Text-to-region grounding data

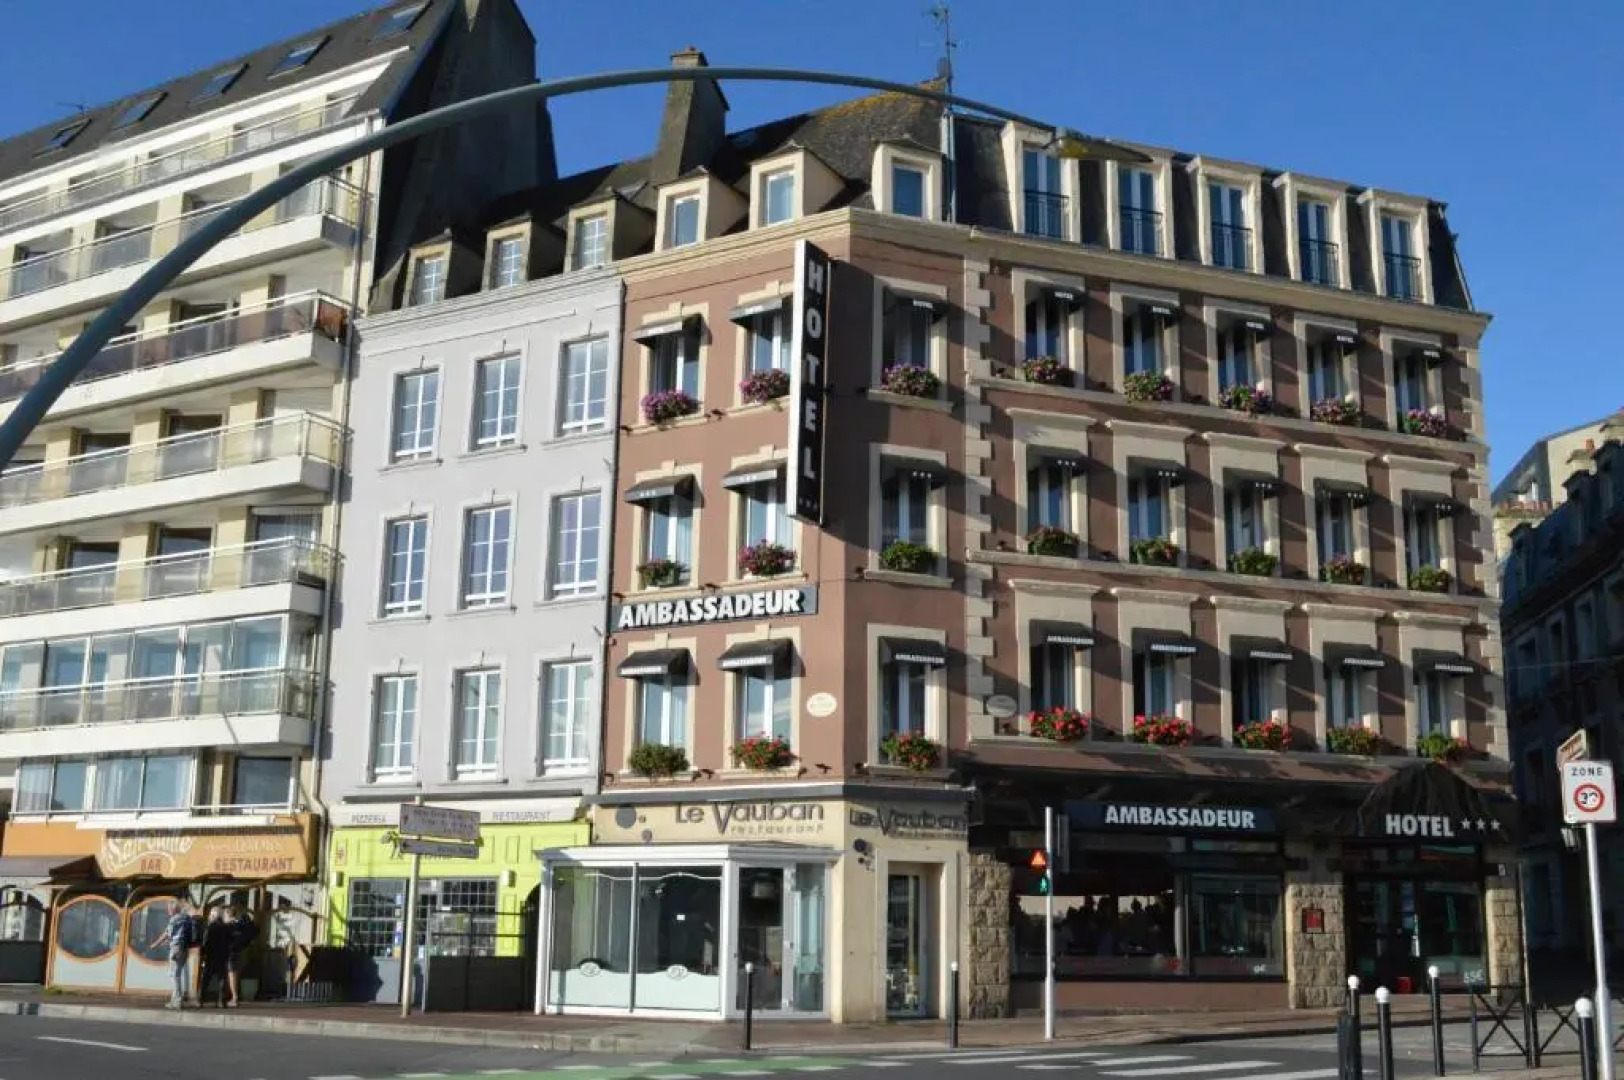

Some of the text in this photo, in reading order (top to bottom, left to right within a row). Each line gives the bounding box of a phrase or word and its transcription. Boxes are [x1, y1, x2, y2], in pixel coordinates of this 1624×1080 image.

[803, 259, 824, 480] HOTEL
[618, 589, 801, 628] AMBASSADEUR
[1571, 766, 1603, 777] ZONE
[675, 800, 824, 835] Le Vauban
[1105, 805, 1256, 829] AMBASSADEUR
[1385, 813, 1455, 837] HOTEL
[140, 858, 164, 873] BAR
[215, 856, 295, 874] RESTAURANT
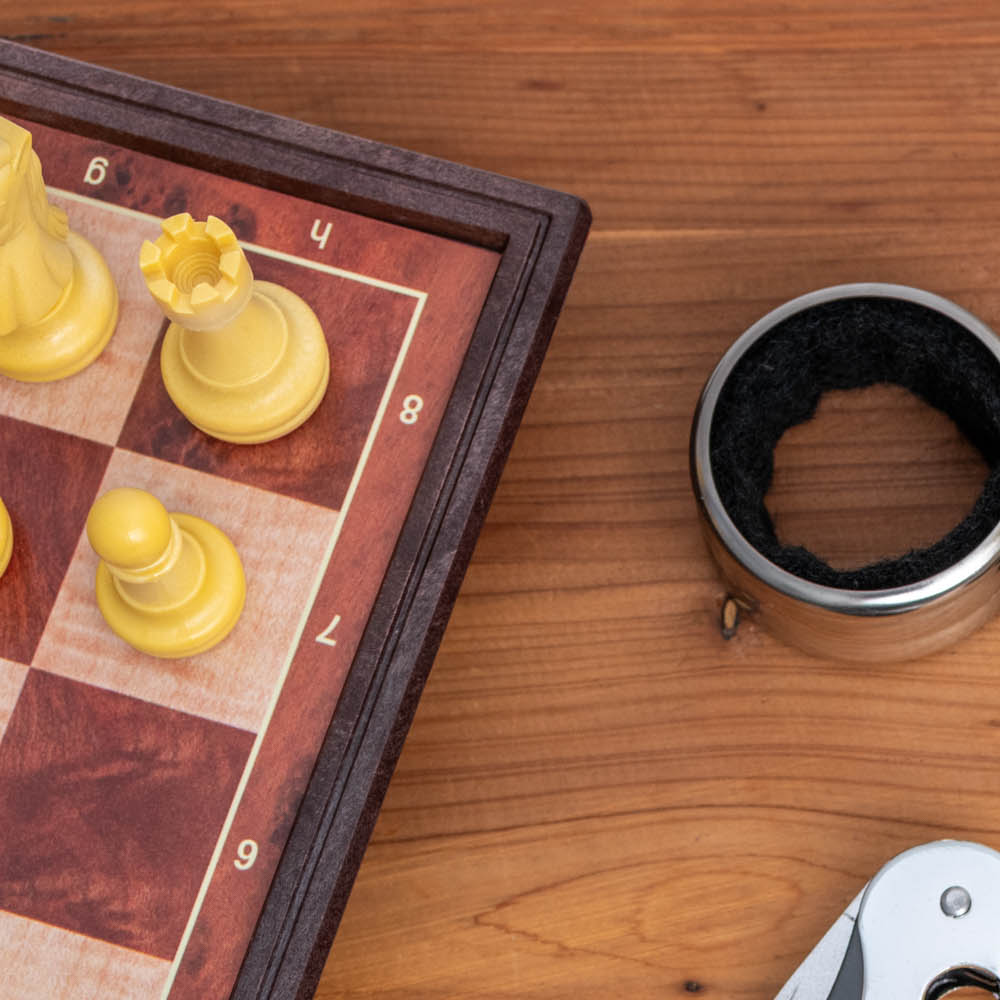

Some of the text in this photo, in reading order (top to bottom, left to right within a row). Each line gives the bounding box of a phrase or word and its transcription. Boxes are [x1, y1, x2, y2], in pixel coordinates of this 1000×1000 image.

** What you have to do **
The entries are to be written out again exactly, though without any images.

** Written response **
Some of the text in this photo, in reading order (top to bottom, left to right within a row). Each line gives the bounding box of a phrase or word and its transcription. Boxes are [x1, y1, x2, y2], in pixel coordinates of this 1624×1080 image.

[803, 259, 824, 480] HOTEL
[618, 589, 801, 628] AMBASSADEUR
[1571, 766, 1603, 777] ZONE
[675, 800, 824, 835] Le Vauban
[1105, 805, 1256, 829] AMBASSADEUR
[1385, 813, 1455, 837] HOTEL
[140, 858, 164, 873] BAR
[215, 856, 295, 874] RESTAURANT

Some of the text in this photo, in reading order (top to bottom, left to right within a row). Each line gives the bounding box of a phrase or word and its transcription. Boxes are [x1, y1, x2, y2], in pixel coordinates of this 1000×1000 image.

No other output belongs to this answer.